Exercise description: Give back each entry word for word, but drop the images.

********

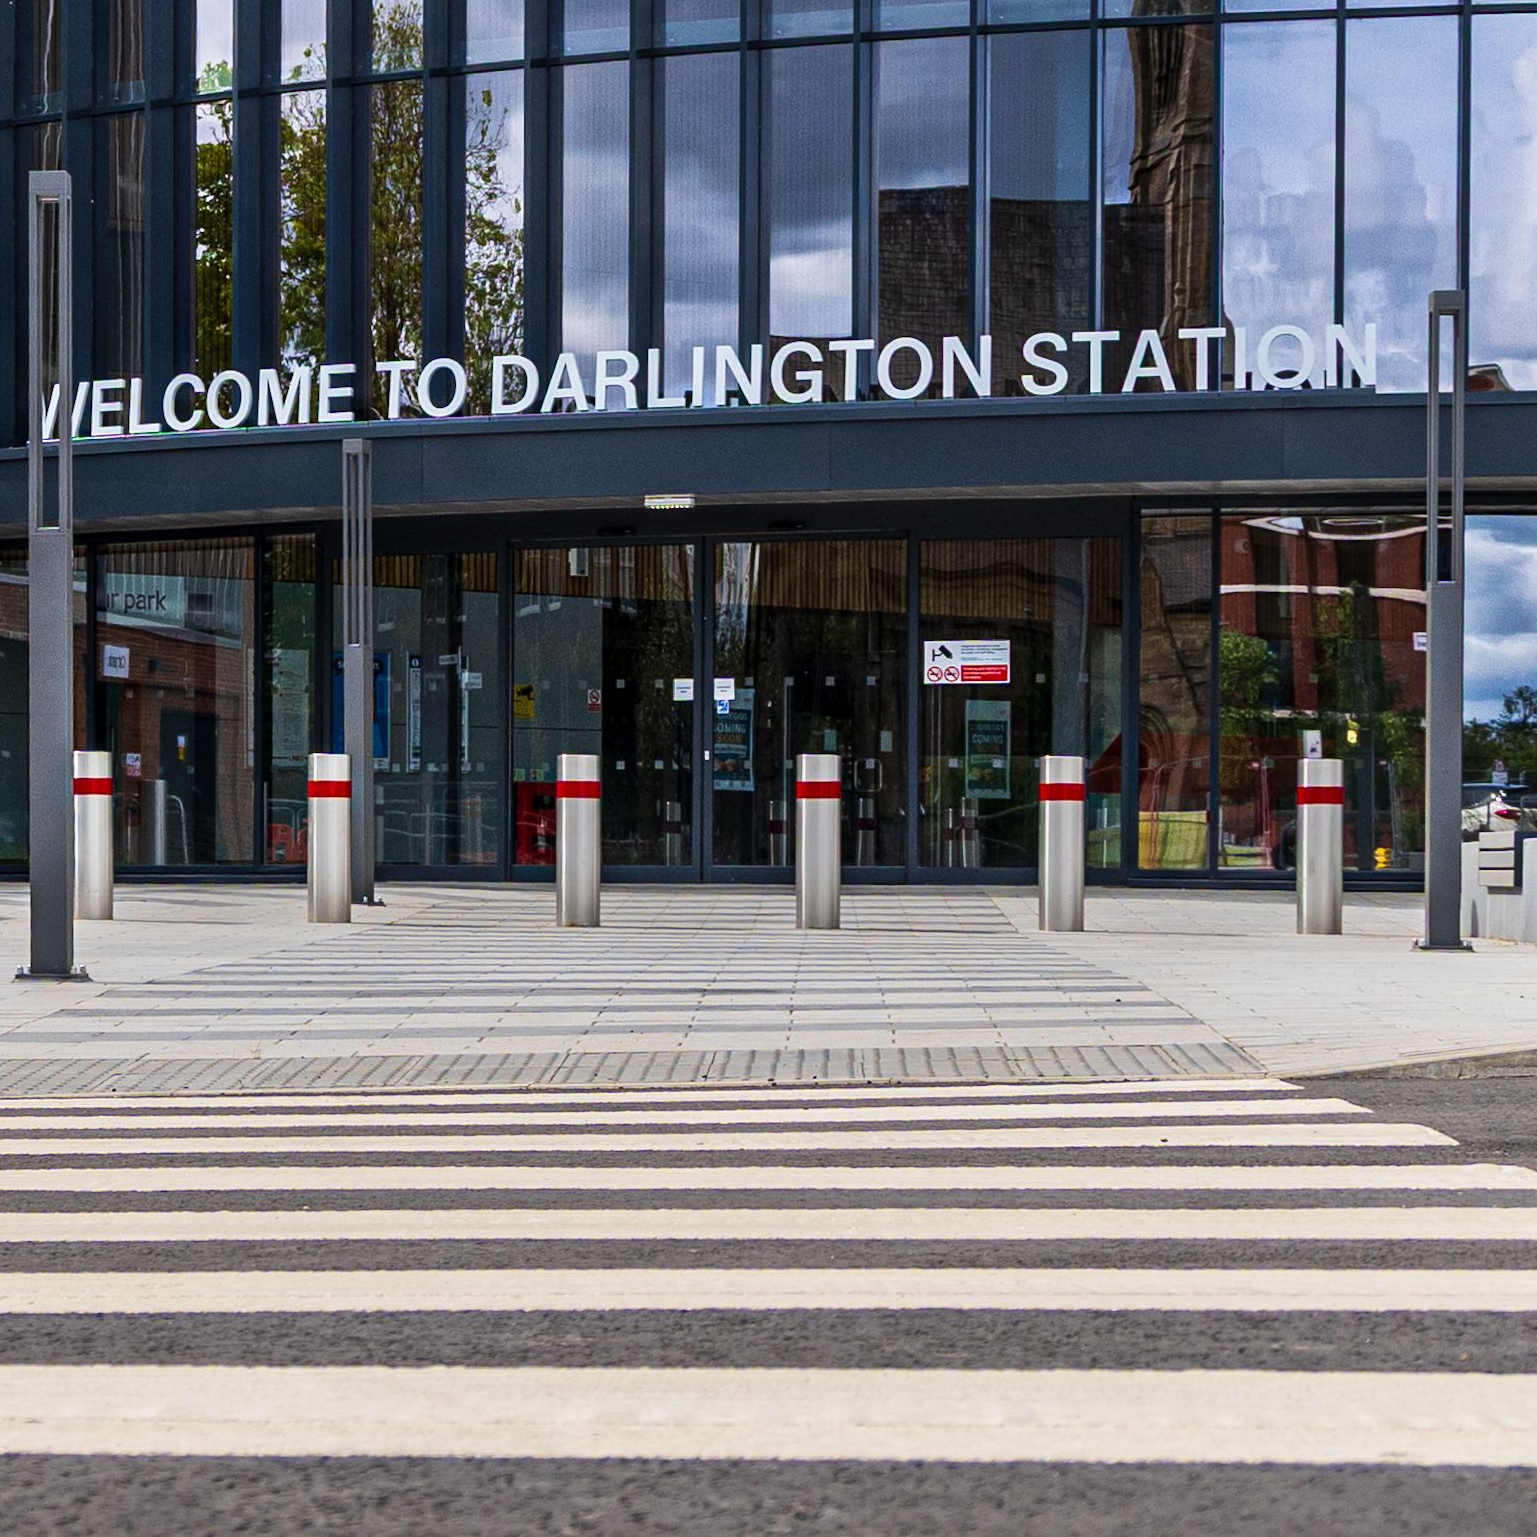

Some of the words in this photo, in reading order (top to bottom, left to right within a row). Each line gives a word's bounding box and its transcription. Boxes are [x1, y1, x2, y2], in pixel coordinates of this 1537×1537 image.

[375, 358, 468, 419] TO
[491, 335, 992, 415] DARLINGTON
[1021, 323, 1377, 396] STATION
[124, 589, 167, 614] park

********

Output for this exercise:
Some of the words in this photo, in reading order (top to bottom, left to right within a row). Each line gives a word's bounding box and its transcription. Boxes are [x1, y1, x2, y2], in pixel coordinates of this 1537×1537 image.

[375, 358, 468, 419] TO
[491, 335, 992, 415] DARLINGTON
[1021, 323, 1377, 396] STATION
[124, 589, 167, 614] park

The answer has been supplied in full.